Are we supposed to hold a door open for a lady, or is that now sexist? Which bathroom is it okay to use, and are we still supposed to put the seat down when we’re done? Does affirmative consent require explicit permission getting to first base, or is that just for sliding into home? It’s a dizzying array of rules, and it seems to change from day to day. What’s a poor, confused guy to do?

For starters, he shouldn’t be perusing the pages of Cosmo–not unless we wants to become hopelessly confused. That’s because the magazine most famous for giving advice to women on how to have the best sex ever has just published an article called “Why Guys Get Turned on When You Orgasm–and Why That’s a Bad Thing.”

Yes, really:

It’s not enough that men are already having more orgasms than women. To make matters worse, a new study published in the Journal of Sex Research found — aside from deriving pleasure from their own orgasms, obviously — men also derive a specific sort of masculine pleasure from making female partners orgasm. The researchers in the study, Sara Chadwick and Sari van Anders, refer to this incredibly predictable phenomenon as a “masculinity achievement.” I’m not exactly sure what that means, but I imagine a “masculinity achievement” looks something like Super Mario punching a coin out of one of those floating boxes in the video game.

This is actually accompanied by an animated GIF showing Mario punching a coin out of one of those floating boxes. I’ve never associated a beloved Nintendo character with a sex act before, so thanks for that Cosmo. Now, where was I again? Oh yeah, orgasms:

“Despite increasing focus on women’s orgasms, research indicated that the increased attention to women’s orgasms may also serve men’s sexuality, complicating conceptualizations of women’s orgasms as women-centric,” researchers wrote.
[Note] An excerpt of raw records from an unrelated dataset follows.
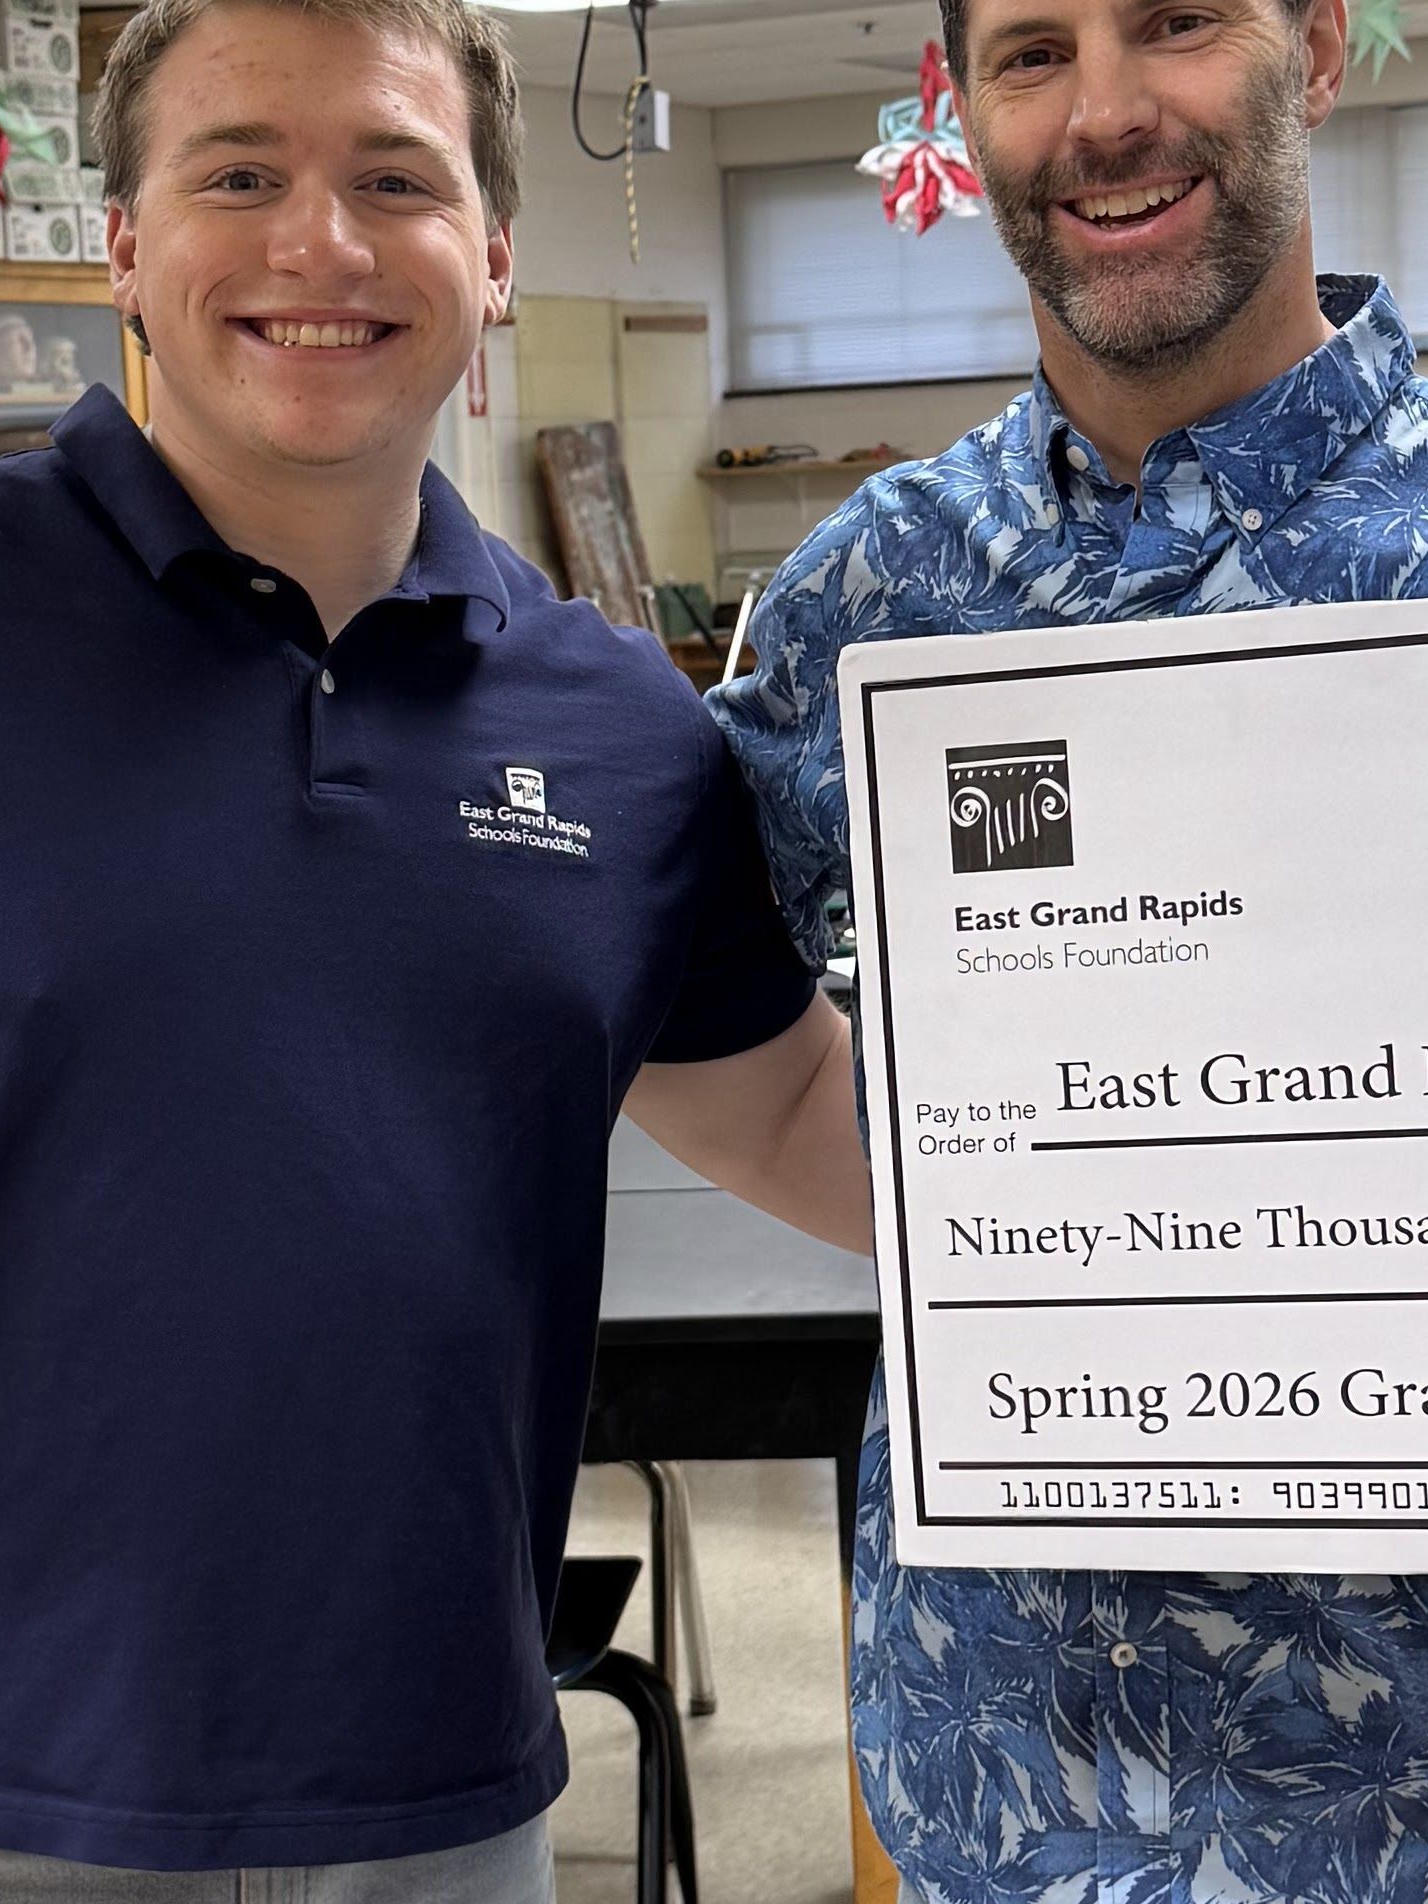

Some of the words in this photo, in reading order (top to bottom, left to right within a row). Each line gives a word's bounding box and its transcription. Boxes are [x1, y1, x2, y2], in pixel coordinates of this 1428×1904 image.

[459, 800, 494, 820] East
[497, 806, 545, 828] Grand
[547, 814, 592, 839] Rapids
[468, 822, 522, 844] Schools
[523, 828, 590, 858] Foundation
[954, 906, 1021, 932] East
[1030, 896, 1128, 927] Grand
[1139, 889, 1244, 927] Rapids
[956, 944, 1054, 974] Schools
[1064, 936, 1209, 968] Foundation
[1055, 1061, 1181, 1111] East
[1200, 1043, 1402, 1105] Grand
[916, 1103, 960, 1128] Pay
[967, 1102, 991, 1122] to
[998, 1100, 1037, 1121] the
[918, 1133, 986, 1156] Order
[993, 1131, 1016, 1153] of
[944, 1211, 1242, 1267] Ninety-Nine
[988, 1372, 1169, 1435] Spring
[1185, 1370, 1320, 1418] 2026
[1000, 1481, 1240, 1509] 1100137511:
In a separate statement from Chadwick and van Anders, they explained why it’s a bad thing for men to gain masculinity points for bringing female partners to orgasm. “One reason is that it might pressure some heterosexual men to feel like they have to ‘give’ women orgasms, as if orgasm is something men pulled out of a hat and presented to women,” they wrote. “This ties into cultural ideas of women as passive recipients of whatever men give them.”
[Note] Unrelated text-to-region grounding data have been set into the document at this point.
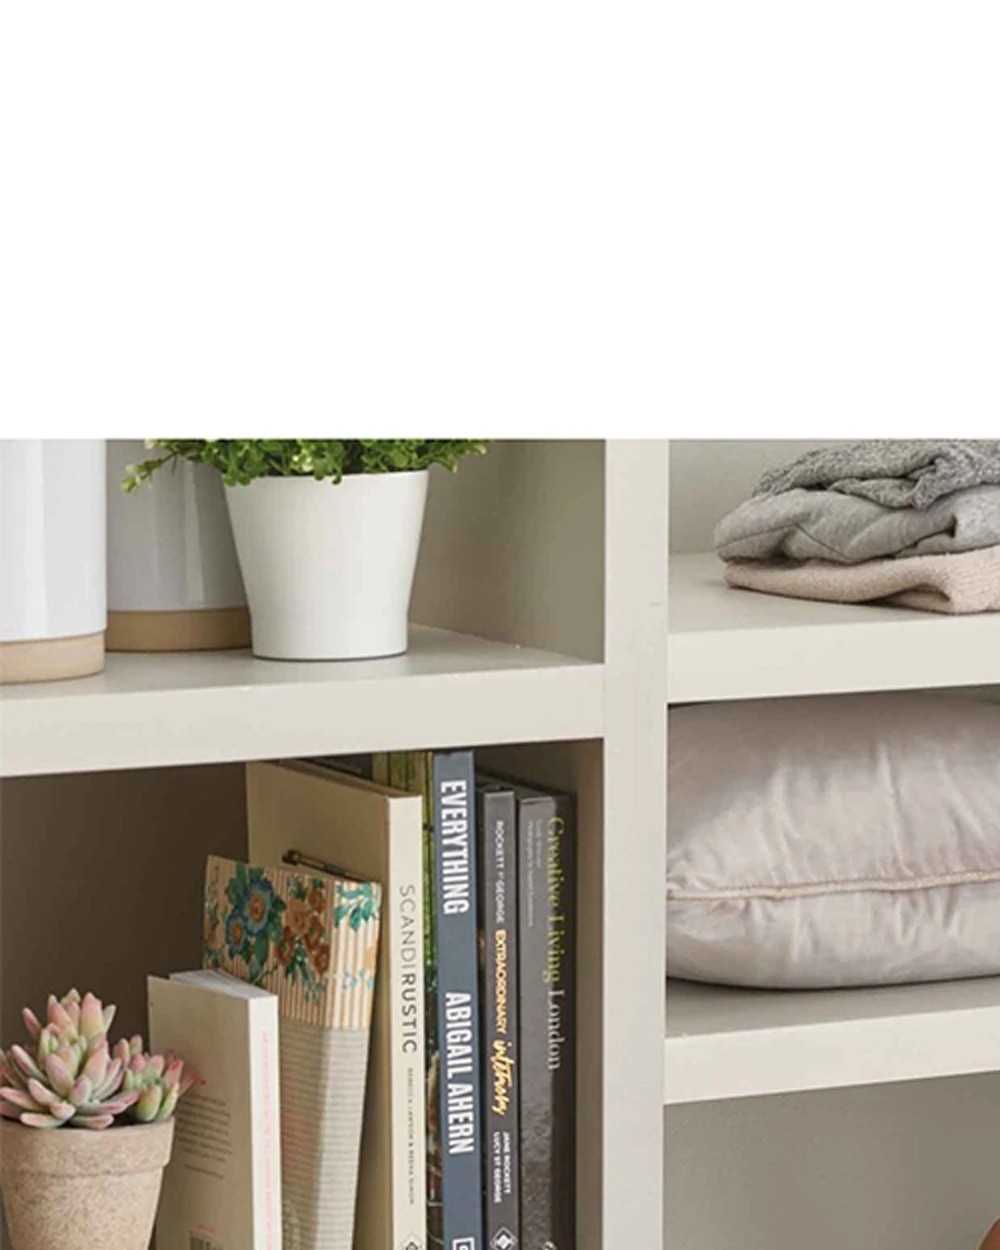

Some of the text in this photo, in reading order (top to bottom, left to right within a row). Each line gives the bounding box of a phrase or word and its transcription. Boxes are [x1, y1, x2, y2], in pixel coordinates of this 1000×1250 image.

[440, 780, 470, 915] EVERYTHING
[495, 820, 505, 869] ROCKETT
[495, 880, 505, 924] GEORGE
[495, 929, 507, 1034] EXTRAORDINARY
[542, 817, 565, 1070] Creative Living London
[445, 992, 475, 1155] ABIGAIL AHERN
Didn’t Ming the Merciless say that in the 1980 version of Flash Gordon? “Pitiful men! My orgasms are not yours to give or take.” Or something to that effect. Anyhoo…
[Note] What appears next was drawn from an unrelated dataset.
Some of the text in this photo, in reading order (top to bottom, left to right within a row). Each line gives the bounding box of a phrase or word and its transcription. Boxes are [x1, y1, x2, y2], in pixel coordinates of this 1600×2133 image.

It seems to me the thrust of the article (if you’ll pardon the pun) is that men should inspire orgasms in their women, by all means, but they should not take any kind of pride in doing so. What emotion men should be feeling instead isn’t explored at all–but perhaps it could be guilt? I’m sure there’s nothing women find more attractive than a man who immediately cries after sex. Just don’t spank him. He might think it’s actual punishment rather than a reward for a job well done.

All kidding aside, I have to believe that all sane people find this to absolutely ridiculous (if not, we’re in a whole lot of trouble). Anyone who is in a committed, loving relationship understands the importance of give and take–whether that applies to helping out with the household chores, or getting all hot and heavy in the bedroom. Sometimes you give more, sometimes more is given, but everything arises from your love for one another. From that comes a desire to be of service, which is the highest calling there is. To derive pleasure from that service is not only normal, but healthy. It’s also one of the foundations of a lasting relationship. Everybody wins!

Besides, making sure your lady has some fun is the best way to get even more action from her. And isn’t that what men want anyway?